• **EXERCISE DATA**:

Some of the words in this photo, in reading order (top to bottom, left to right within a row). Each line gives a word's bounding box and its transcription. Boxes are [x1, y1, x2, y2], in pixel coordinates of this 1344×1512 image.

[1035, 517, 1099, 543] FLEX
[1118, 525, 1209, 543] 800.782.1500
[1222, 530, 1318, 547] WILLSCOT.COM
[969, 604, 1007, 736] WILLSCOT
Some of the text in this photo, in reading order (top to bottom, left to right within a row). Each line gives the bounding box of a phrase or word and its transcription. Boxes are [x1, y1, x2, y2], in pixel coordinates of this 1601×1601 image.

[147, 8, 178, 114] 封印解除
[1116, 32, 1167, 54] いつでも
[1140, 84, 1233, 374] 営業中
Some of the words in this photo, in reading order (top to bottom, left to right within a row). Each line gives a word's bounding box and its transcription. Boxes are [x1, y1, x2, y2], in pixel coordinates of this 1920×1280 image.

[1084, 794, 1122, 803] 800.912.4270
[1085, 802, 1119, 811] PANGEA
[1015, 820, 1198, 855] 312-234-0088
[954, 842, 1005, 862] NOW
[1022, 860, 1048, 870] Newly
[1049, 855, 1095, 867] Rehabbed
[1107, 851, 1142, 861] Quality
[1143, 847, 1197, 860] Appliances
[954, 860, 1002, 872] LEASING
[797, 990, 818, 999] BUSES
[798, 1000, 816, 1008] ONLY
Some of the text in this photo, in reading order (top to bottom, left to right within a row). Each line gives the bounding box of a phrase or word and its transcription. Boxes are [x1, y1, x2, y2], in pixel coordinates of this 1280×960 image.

• **PROBLEM DETAILS**:
Above are the entries; give them back verbatim.

• **ANSWER SECTION**:
Some of the words in this photo, in reading order (top to bottom, left to right within a row). Each line gives a word's bounding box and its transcription. Boxes are [x1, y1, x2, y2], in pixel coordinates of this 1344×1512 image.

[1035, 517, 1099, 543] FLEX
[1118, 525, 1209, 543] 800.782.1500
[1222, 530, 1318, 547] WILLSCOT.COM
[969, 604, 1007, 736] WILLSCOT
Some of the text in this photo, in reading order (top to bottom, left to right within a row). Each line gives the bounding box of a phrase or word and its transcription. Boxes are [x1, y1, x2, y2], in pixel coordinates of this 1601×1601 image.

[147, 8, 178, 114] 封印解除
[1116, 32, 1167, 54] いつでも
[1140, 84, 1233, 374] 営業中
Some of the words in this photo, in reading order (top to bottom, left to right within a row). Each line gives a word's bounding box and its transcription. Boxes are [x1, y1, x2, y2], in pixel coordinates of this 1920×1280 image.

[1084, 794, 1122, 803] 800.912.4270
[1085, 802, 1119, 811] PANGEA
[1015, 820, 1198, 855] 312-234-0088
[954, 842, 1005, 862] NOW
[1022, 860, 1048, 870] Newly
[1049, 855, 1095, 867] Rehabbed
[1107, 851, 1142, 861] Quality
[1143, 847, 1197, 860] Appliances
[954, 860, 1002, 872] LEASING
[797, 990, 818, 999] BUSES
[798, 1000, 816, 1008] ONLY
Some of the text in this photo, in reading order (top to bottom, left to right within a row). Each line gives the bounding box of a phrase or word and its transcription. Boxes are [x1, y1, x2, y2], in pixel coordinates of this 1280×960 image.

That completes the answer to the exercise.